** DATASET EXTRACT follows **
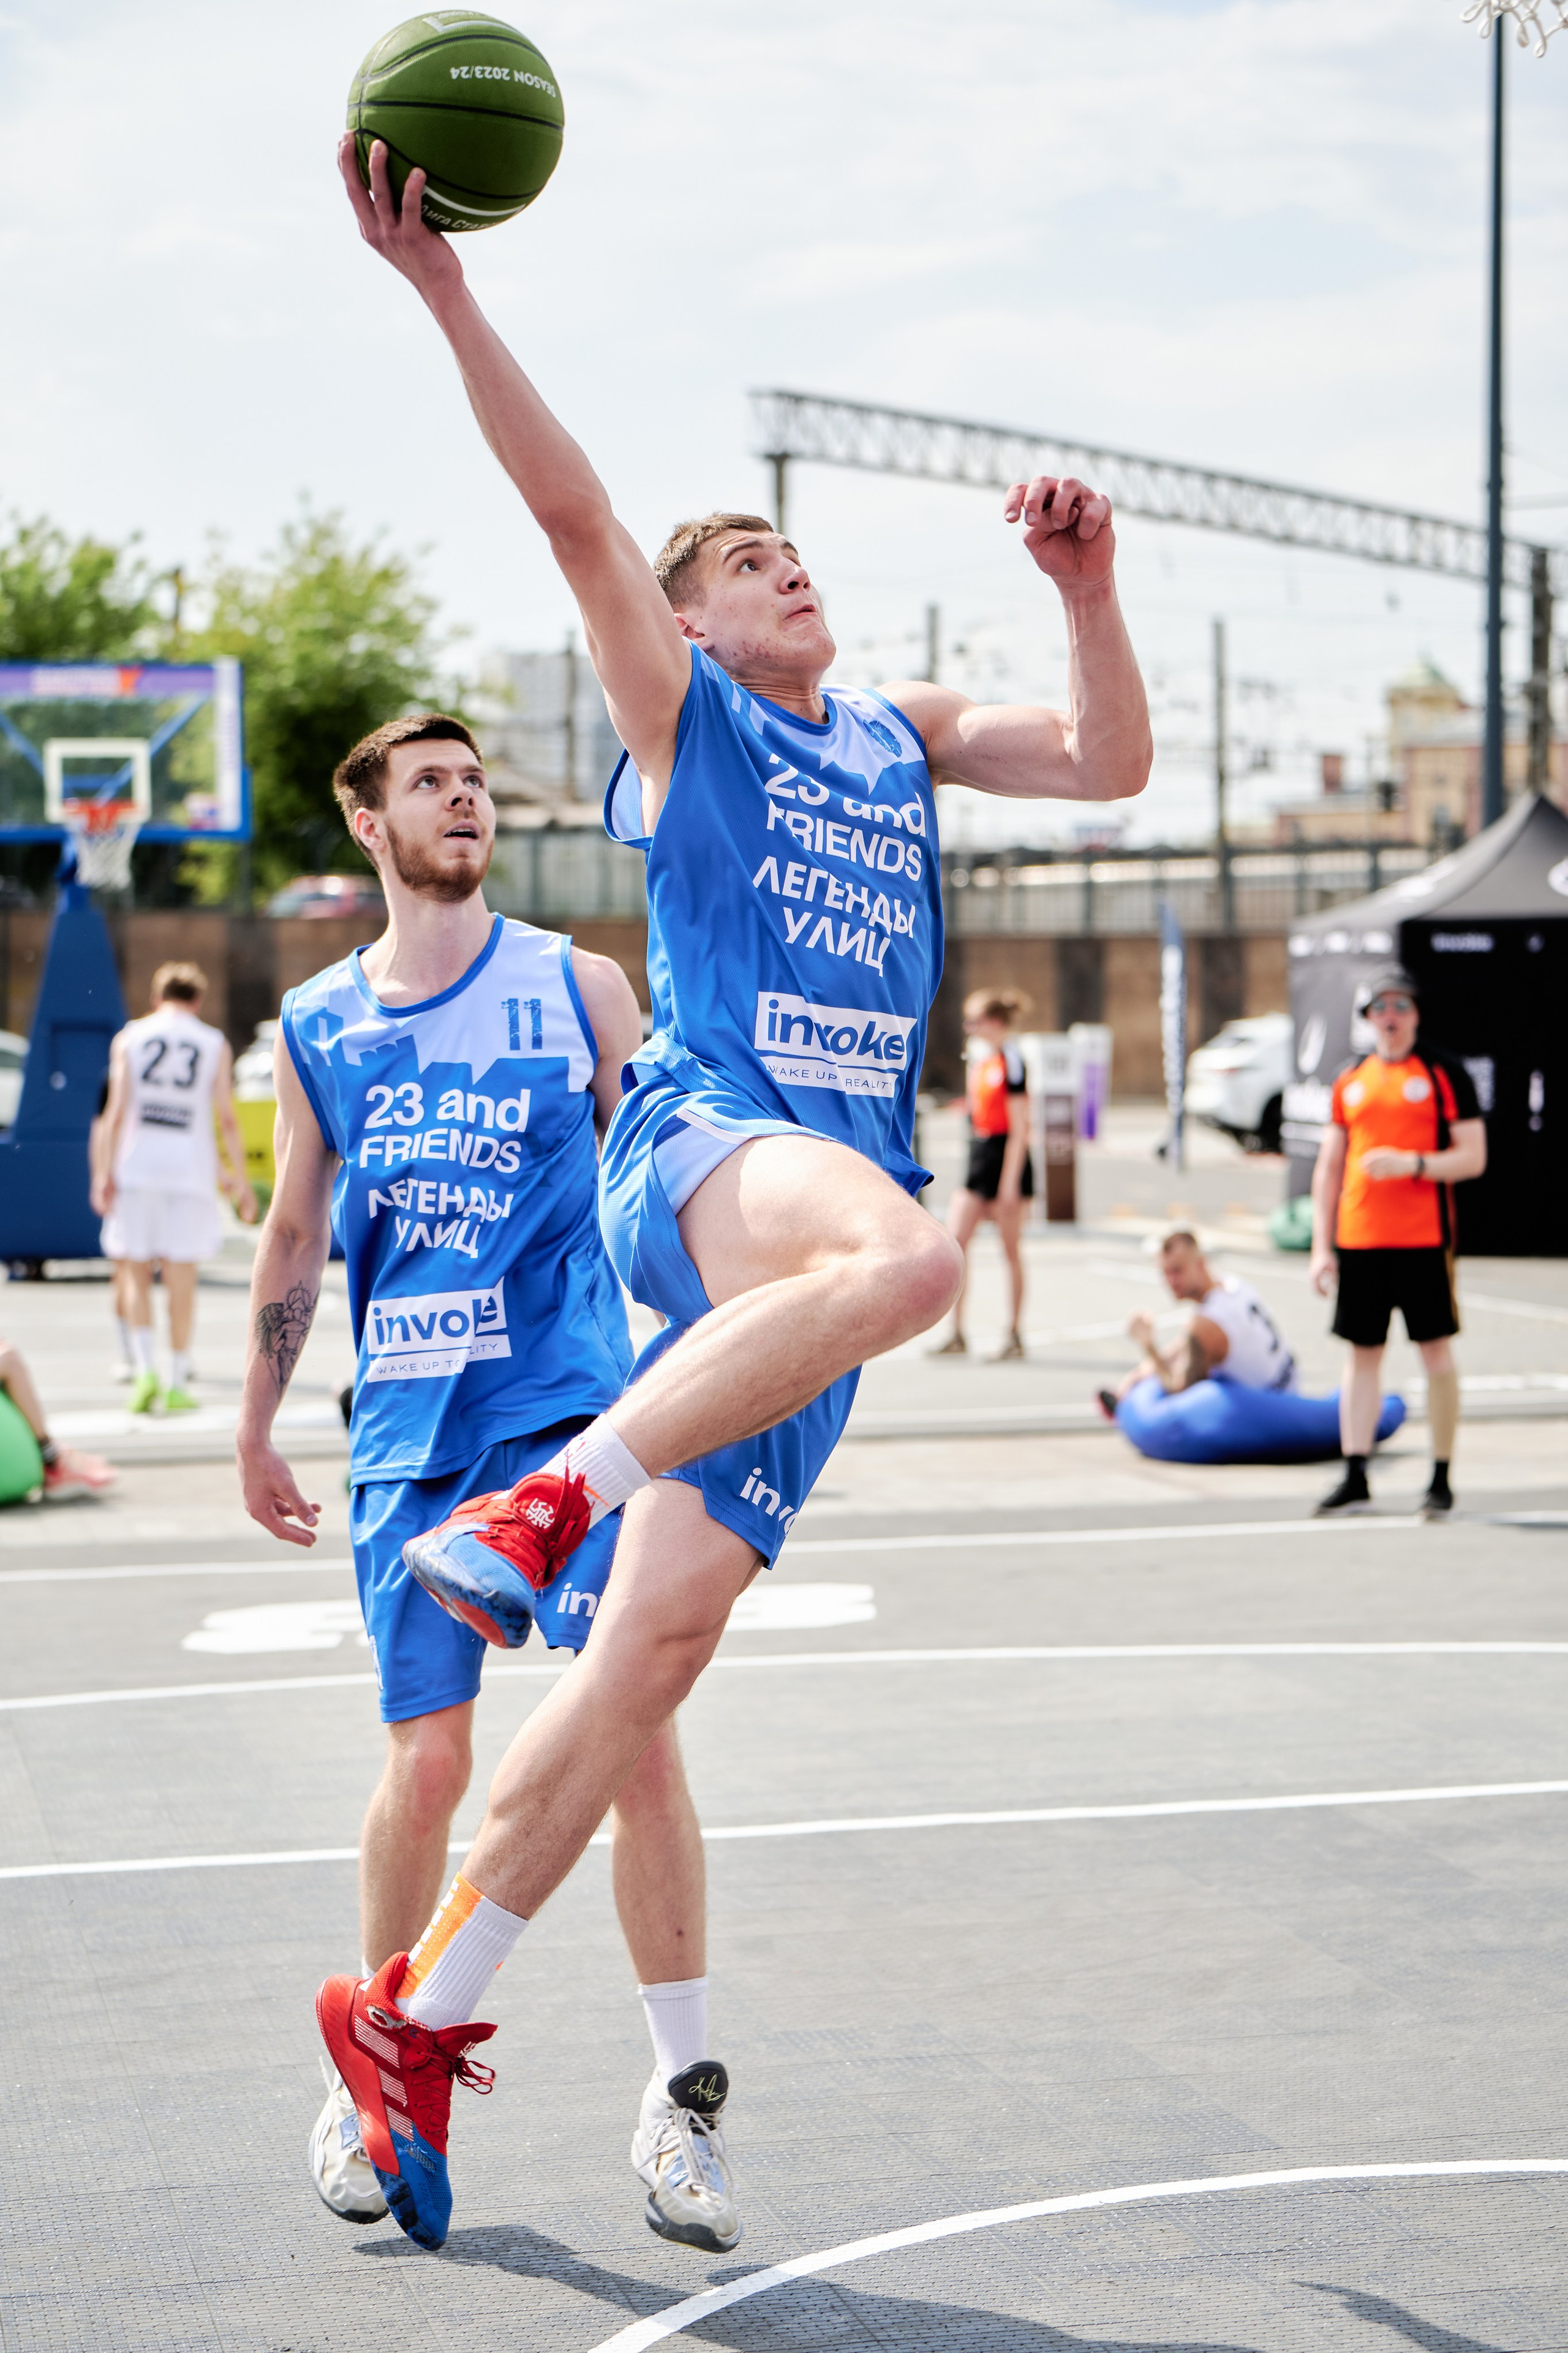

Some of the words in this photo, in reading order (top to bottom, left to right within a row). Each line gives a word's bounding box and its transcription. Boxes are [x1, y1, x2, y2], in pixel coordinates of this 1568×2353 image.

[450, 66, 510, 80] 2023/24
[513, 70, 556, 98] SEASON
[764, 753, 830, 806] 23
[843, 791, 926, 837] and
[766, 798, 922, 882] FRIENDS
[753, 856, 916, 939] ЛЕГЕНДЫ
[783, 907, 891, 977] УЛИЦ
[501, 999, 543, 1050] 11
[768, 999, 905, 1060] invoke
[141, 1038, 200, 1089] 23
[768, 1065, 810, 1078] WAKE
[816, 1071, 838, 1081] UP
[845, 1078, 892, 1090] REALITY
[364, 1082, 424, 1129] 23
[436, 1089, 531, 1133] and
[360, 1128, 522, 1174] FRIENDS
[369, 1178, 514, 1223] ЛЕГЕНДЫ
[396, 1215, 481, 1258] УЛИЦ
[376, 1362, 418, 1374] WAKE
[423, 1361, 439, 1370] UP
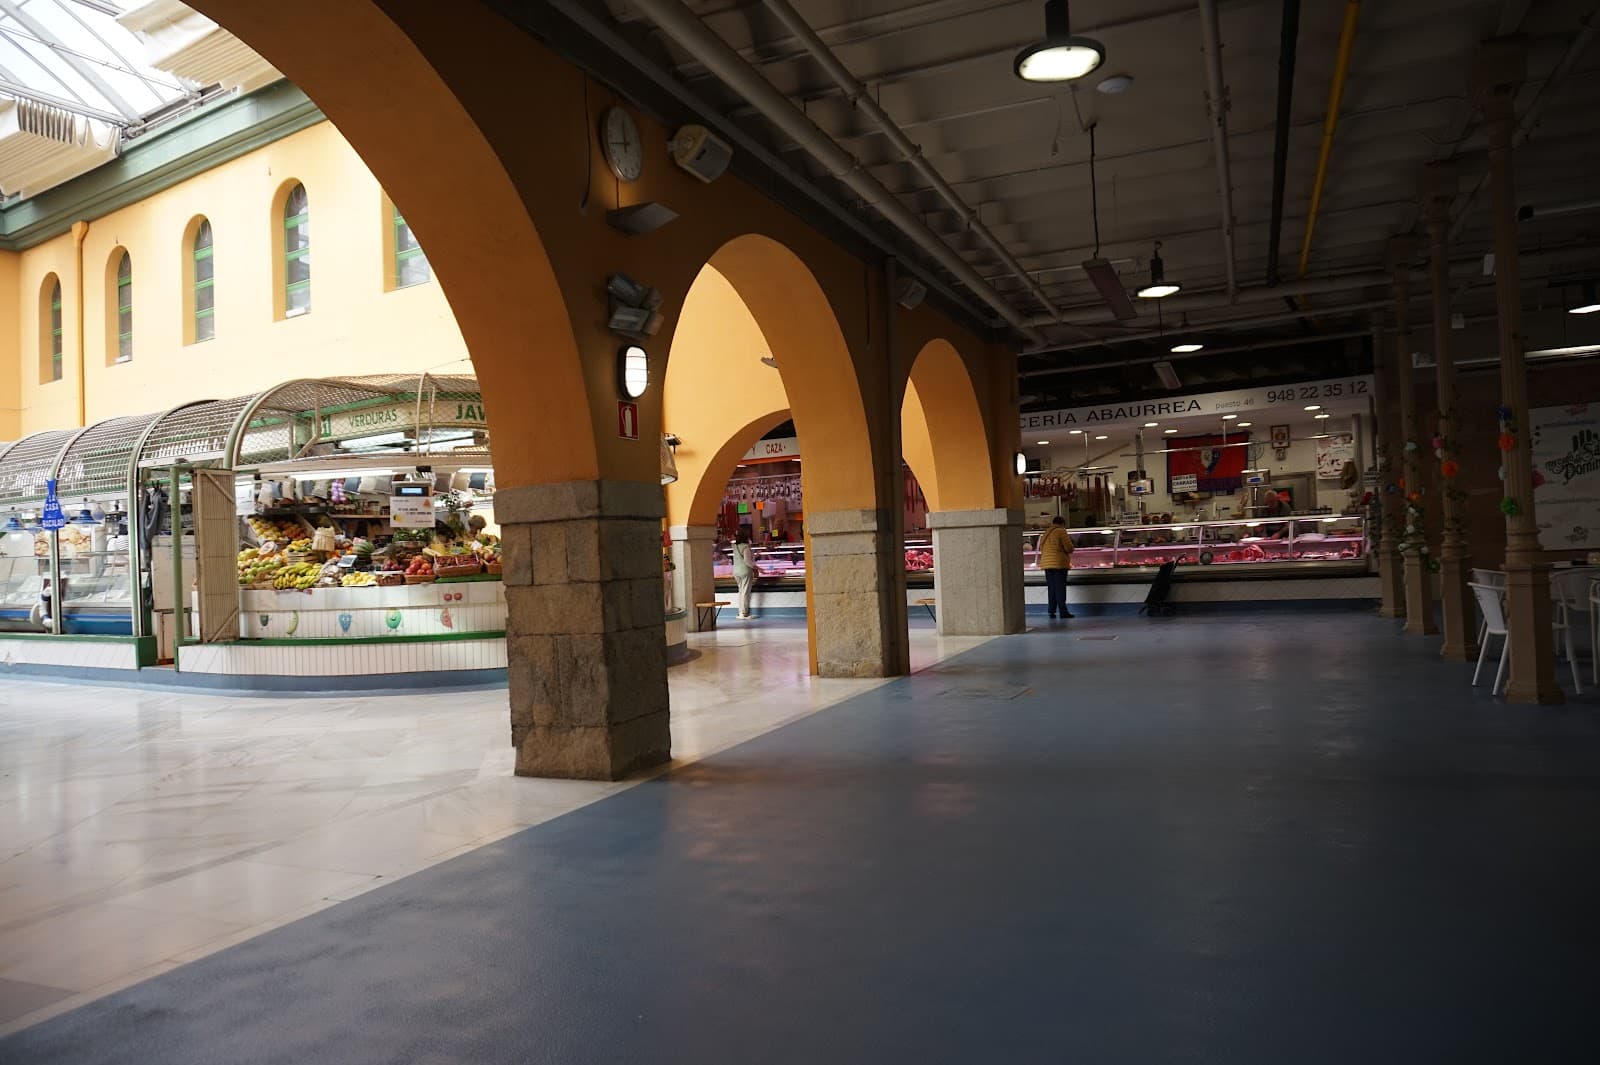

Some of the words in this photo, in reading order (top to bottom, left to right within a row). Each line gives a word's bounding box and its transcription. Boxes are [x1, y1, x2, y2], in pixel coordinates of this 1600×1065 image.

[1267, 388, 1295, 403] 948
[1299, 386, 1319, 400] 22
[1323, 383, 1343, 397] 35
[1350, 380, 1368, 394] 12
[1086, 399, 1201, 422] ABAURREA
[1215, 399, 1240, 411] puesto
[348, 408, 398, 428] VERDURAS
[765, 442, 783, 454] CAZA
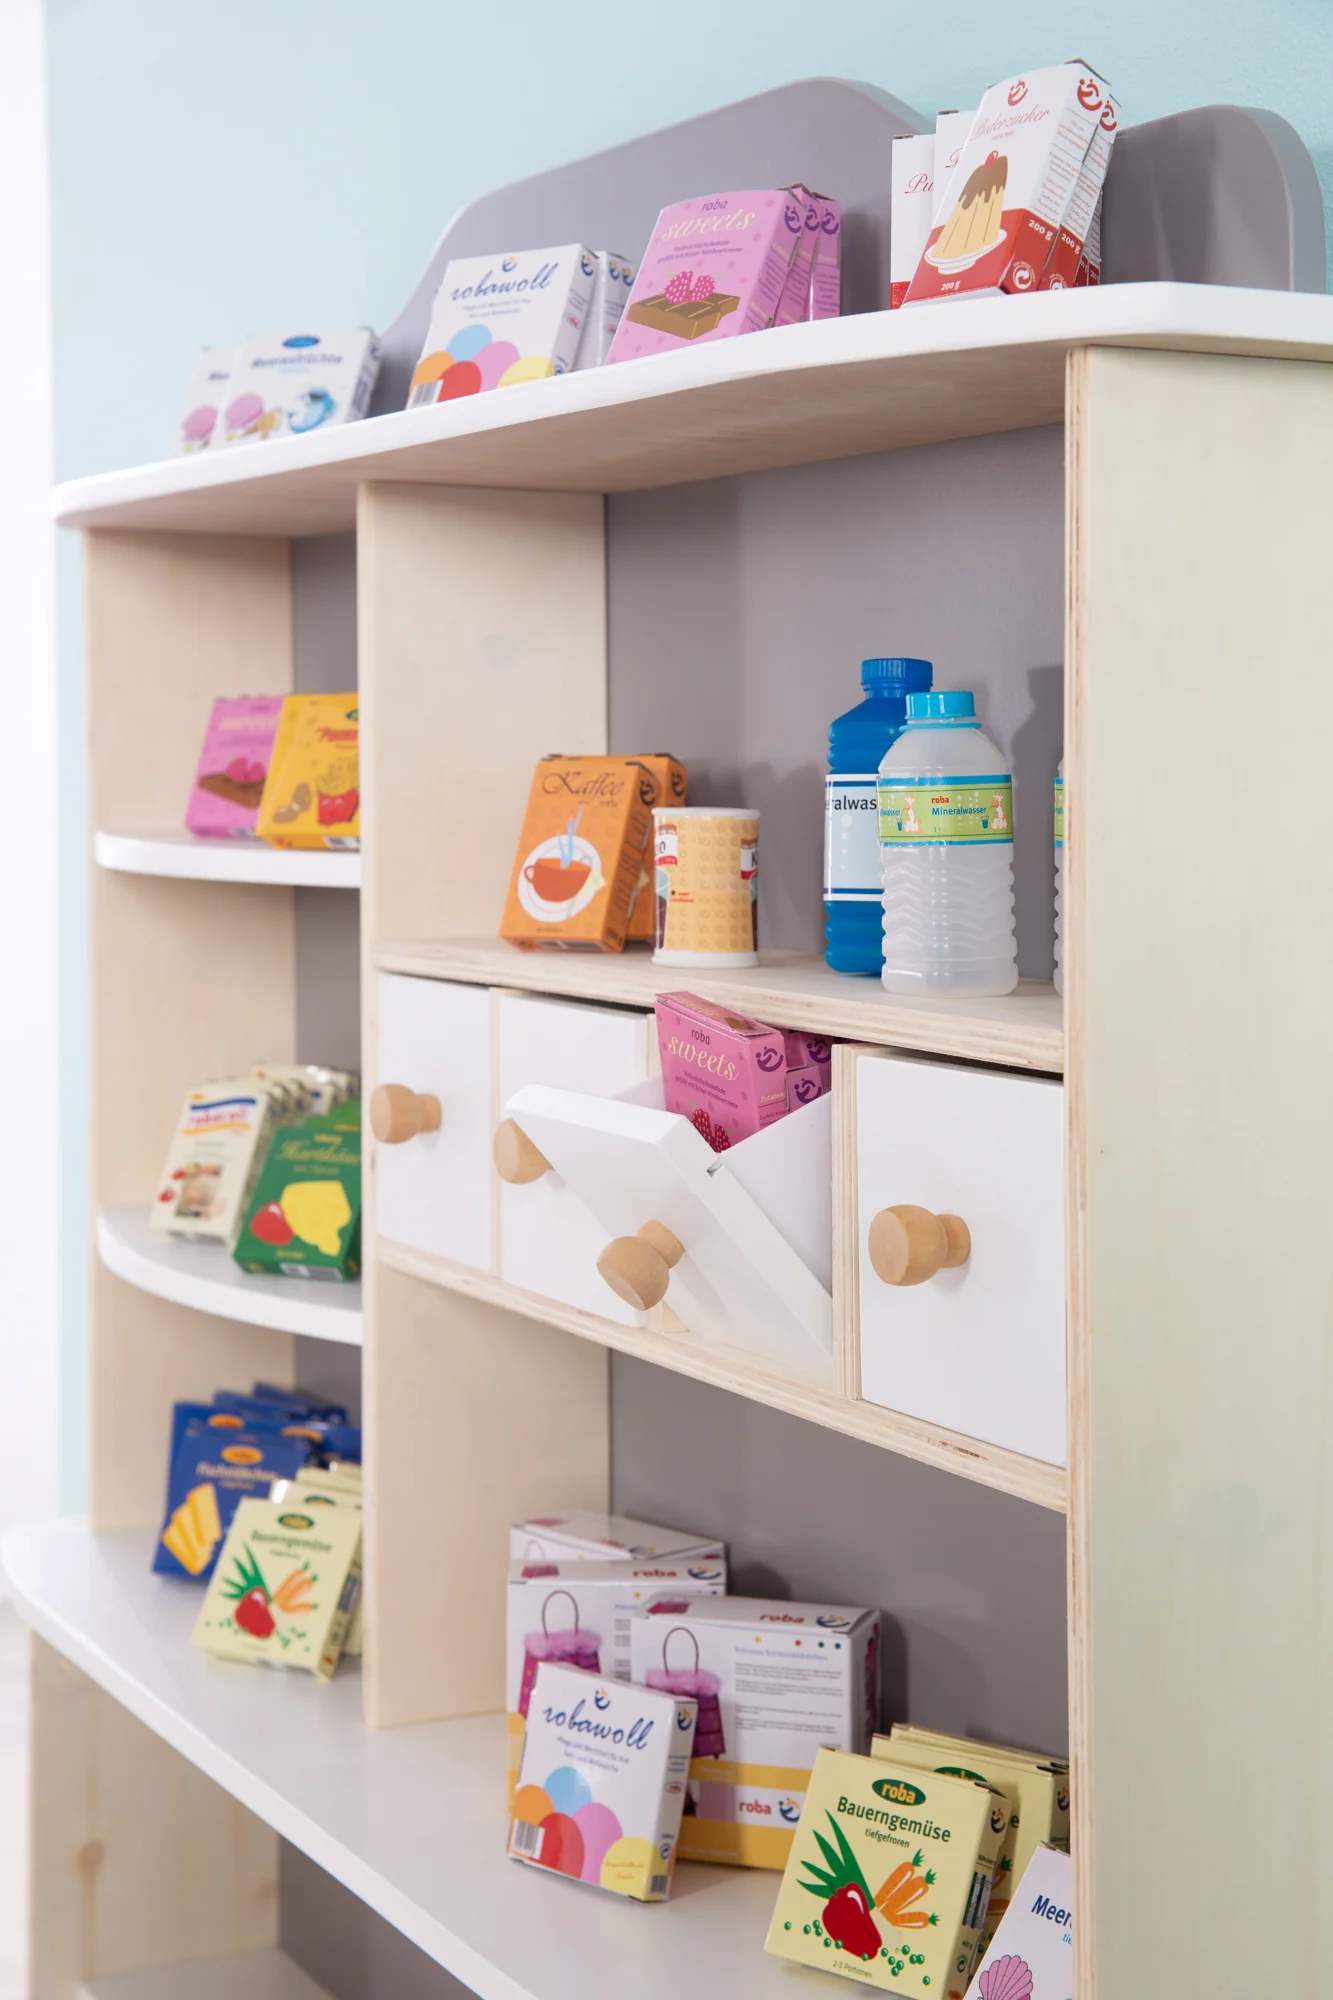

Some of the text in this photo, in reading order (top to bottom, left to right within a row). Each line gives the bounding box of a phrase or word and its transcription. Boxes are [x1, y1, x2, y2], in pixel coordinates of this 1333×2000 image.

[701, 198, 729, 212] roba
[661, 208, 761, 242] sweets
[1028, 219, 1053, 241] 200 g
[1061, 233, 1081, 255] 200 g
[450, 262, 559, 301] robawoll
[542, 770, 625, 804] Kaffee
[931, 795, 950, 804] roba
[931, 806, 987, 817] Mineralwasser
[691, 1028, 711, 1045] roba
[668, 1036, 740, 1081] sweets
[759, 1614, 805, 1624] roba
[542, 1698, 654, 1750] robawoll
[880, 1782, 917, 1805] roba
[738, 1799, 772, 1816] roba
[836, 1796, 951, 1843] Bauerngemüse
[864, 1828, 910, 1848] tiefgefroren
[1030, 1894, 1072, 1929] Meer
** End of DATASET EXTRACT **
## BRIEF
The response consists of the data above printed line for line, with no pictures.

## EXERCISE OUTPUT
Some of the words in this photo, in reading order (top to bottom, left to right within a row). Each line gives a word's bounding box and its transcription. Boxes are [x1, y1, x2, y2], in pixel coordinates of this 1568×2353 image.

[450, 66, 510, 80] 2023/24
[513, 70, 556, 98] SEASON
[764, 753, 830, 806] 23
[843, 791, 926, 837] and
[766, 798, 922, 882] FRIENDS
[753, 856, 916, 939] ЛЕГЕНДЫ
[783, 907, 891, 977] УЛИЦ
[501, 999, 543, 1050] 11
[768, 999, 905, 1060] invoke
[141, 1038, 200, 1089] 23
[768, 1065, 810, 1078] WAKE
[816, 1071, 838, 1081] UP
[845, 1078, 892, 1090] REALITY
[364, 1082, 424, 1129] 23
[436, 1089, 531, 1133] and
[360, 1128, 522, 1174] FRIENDS
[369, 1178, 514, 1223] ЛЕГЕНДЫ
[396, 1215, 481, 1258] УЛИЦ
[376, 1362, 418, 1374] WAKE
[423, 1361, 439, 1370] UP

Some of the words in this photo, in reading order (top to bottom, left to right within a row). Each line gives a word's bounding box and its transcription. Boxes are [x1, y1, x2, y2], in pixel coordinates of this 1600×1065 image.

[1267, 388, 1295, 403] 948
[1299, 386, 1319, 400] 22
[1323, 383, 1343, 397] 35
[1350, 380, 1368, 394] 12
[1086, 399, 1201, 422] ABAURREA
[1215, 399, 1240, 411] puesto
[348, 408, 398, 428] VERDURAS
[765, 442, 783, 454] CAZA

Some of the text in this photo, in reading order (top to bottom, left to right within a row). Each line gives the bounding box of a phrase or word and its transcription. Boxes are [x1, y1, x2, y2], in pixel coordinates of this 1333×2000 image.

[701, 198, 729, 212] roba
[661, 208, 761, 242] sweets
[1028, 219, 1053, 241] 200 g
[1061, 233, 1081, 255] 200 g
[450, 262, 559, 301] robawoll
[542, 770, 625, 804] Kaffee
[931, 795, 950, 804] roba
[931, 806, 987, 817] Mineralwasser
[691, 1028, 711, 1045] roba
[668, 1036, 740, 1081] sweets
[759, 1614, 805, 1624] roba
[542, 1698, 654, 1750] robawoll
[880, 1782, 917, 1805] roba
[738, 1799, 772, 1816] roba
[836, 1796, 951, 1843] Bauerngemüse
[864, 1828, 910, 1848] tiefgefroren
[1030, 1894, 1072, 1929] Meer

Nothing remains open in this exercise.